* [HOW TO COMPLETE THIS TASK]:
Each line of data below must be printed exactly as written, with any pictures removed.

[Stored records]
::::::::

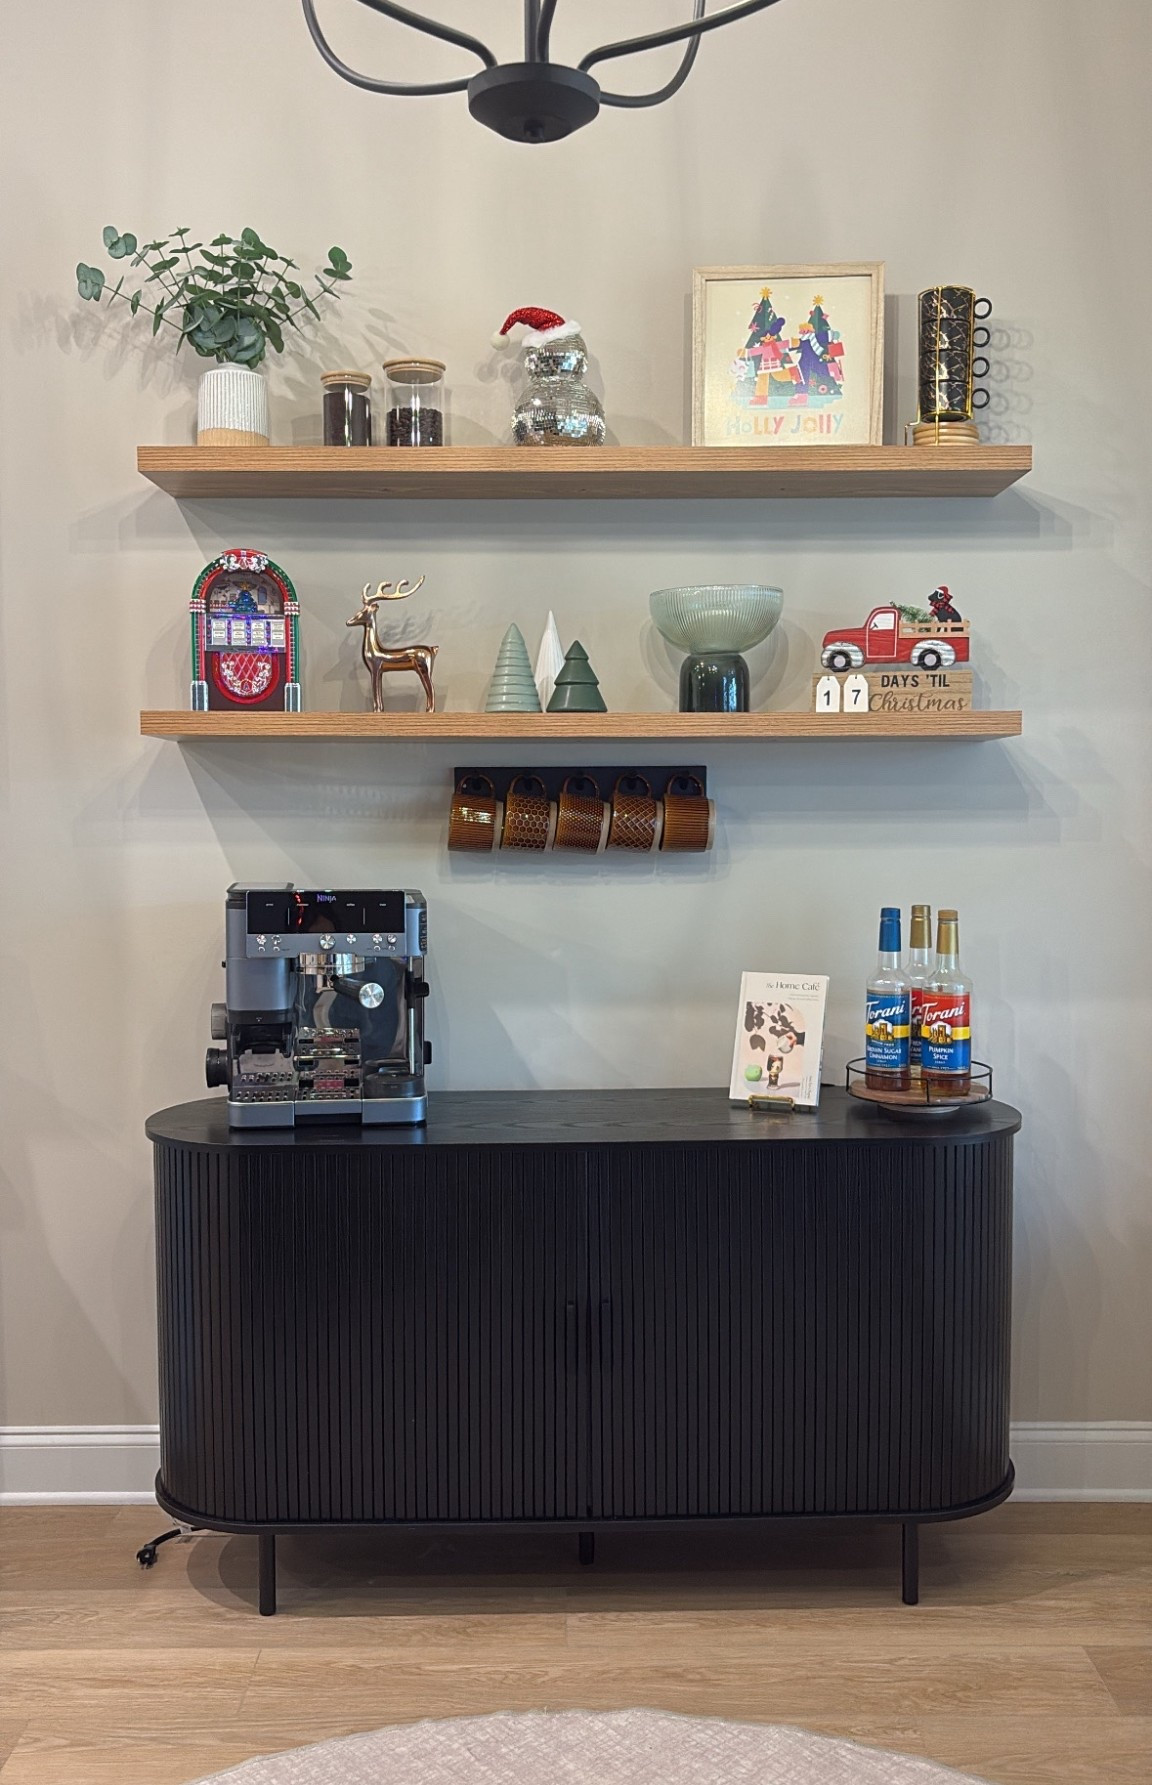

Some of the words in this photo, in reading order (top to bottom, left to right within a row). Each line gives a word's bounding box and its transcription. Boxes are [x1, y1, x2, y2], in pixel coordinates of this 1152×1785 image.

[881, 674, 919, 688] DAYS
[926, 674, 950, 688] 'TIL
[823, 690, 831, 706] 1
[851, 689, 862, 705] 7
[868, 691, 968, 712] Christmas
[316, 893, 337, 904] NINJA
[775, 981, 800, 990] Home
[801, 982, 820, 991] Café
[866, 1000, 906, 1024] Torani
[922, 1002, 965, 1027] Torani
[928, 1045, 954, 1053] PUMPKIN
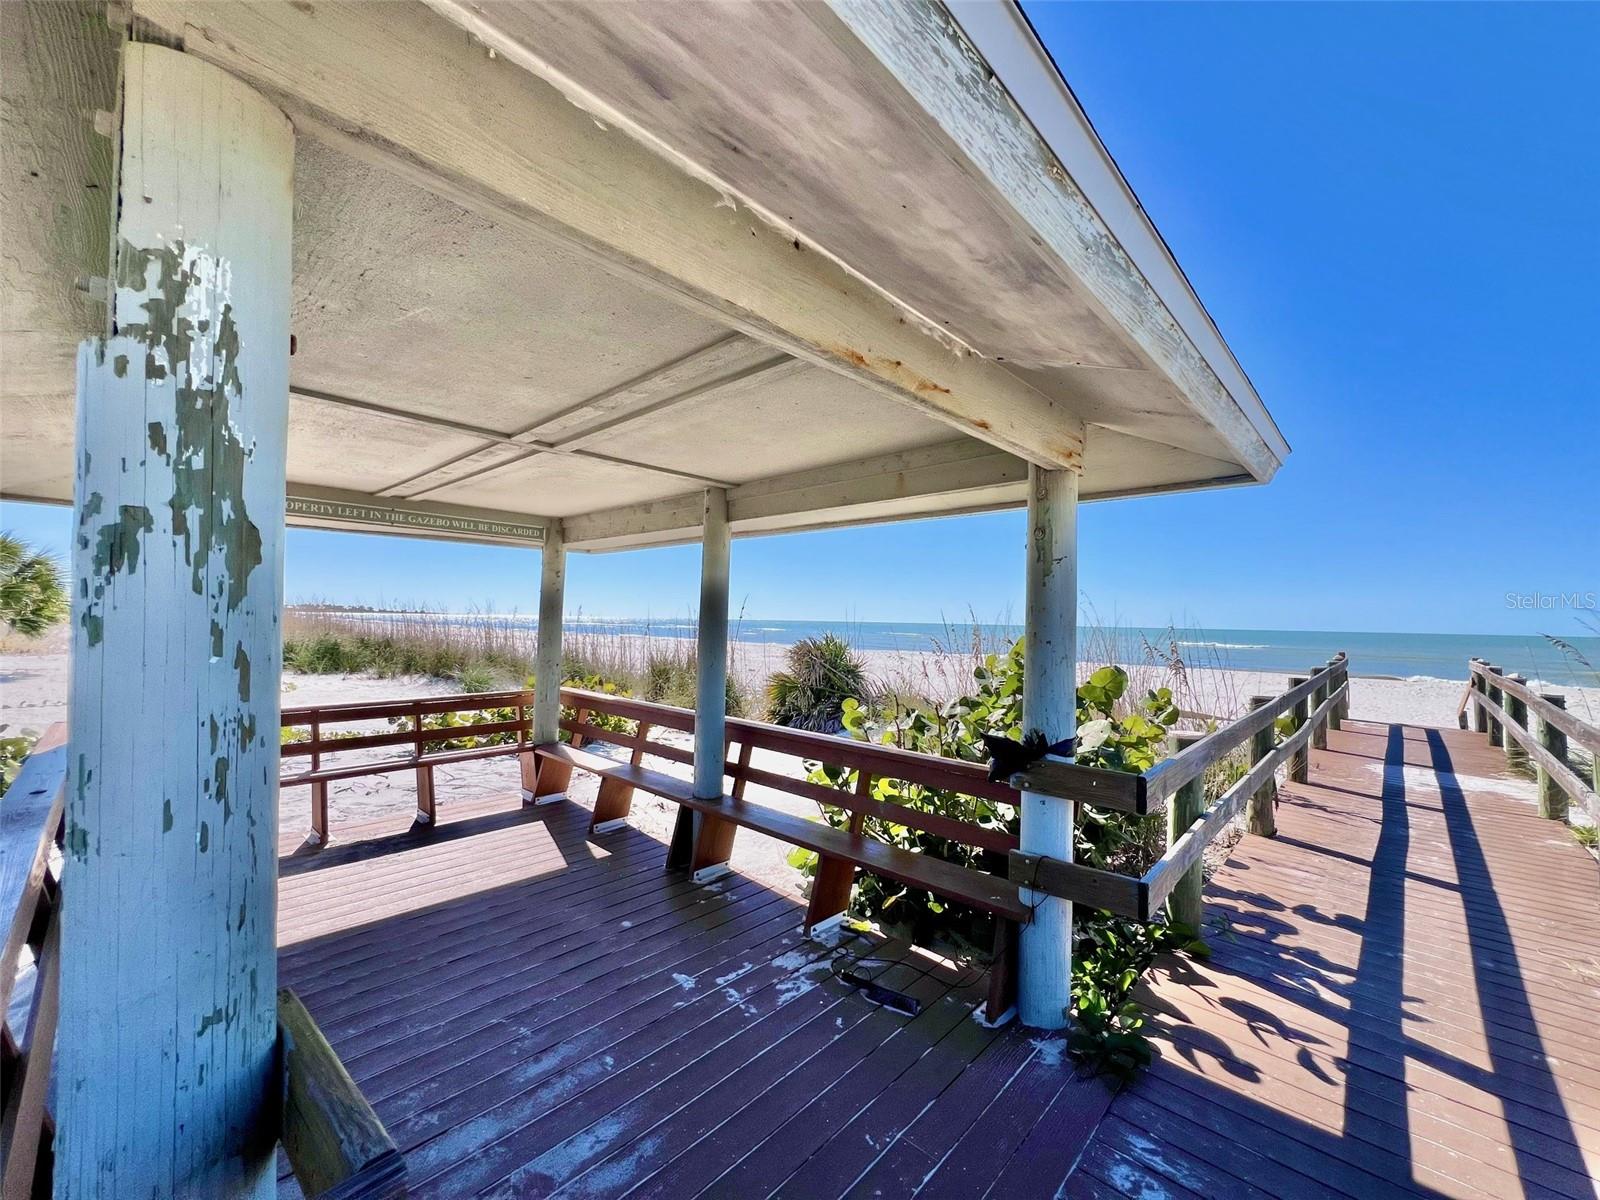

::::::::

* [YOUR SOLUTION]:
Some of the words in this photo, in reading order (top to bottom, left to right within a row). Each line gives a word's bounding box and its transcription. Boxes are [x1, y1, x2, y2], in pixel coordinates of this 1152×1785 image.

[881, 674, 919, 688] DAYS
[926, 674, 950, 688] 'TIL
[823, 690, 831, 706] 1
[851, 689, 862, 705] 7
[868, 691, 968, 712] Christmas
[316, 893, 337, 904] NINJA
[775, 981, 800, 990] Home
[801, 982, 820, 991] Café
[866, 1000, 906, 1024] Torani
[922, 1002, 965, 1027] Torani
[928, 1045, 954, 1053] PUMPKIN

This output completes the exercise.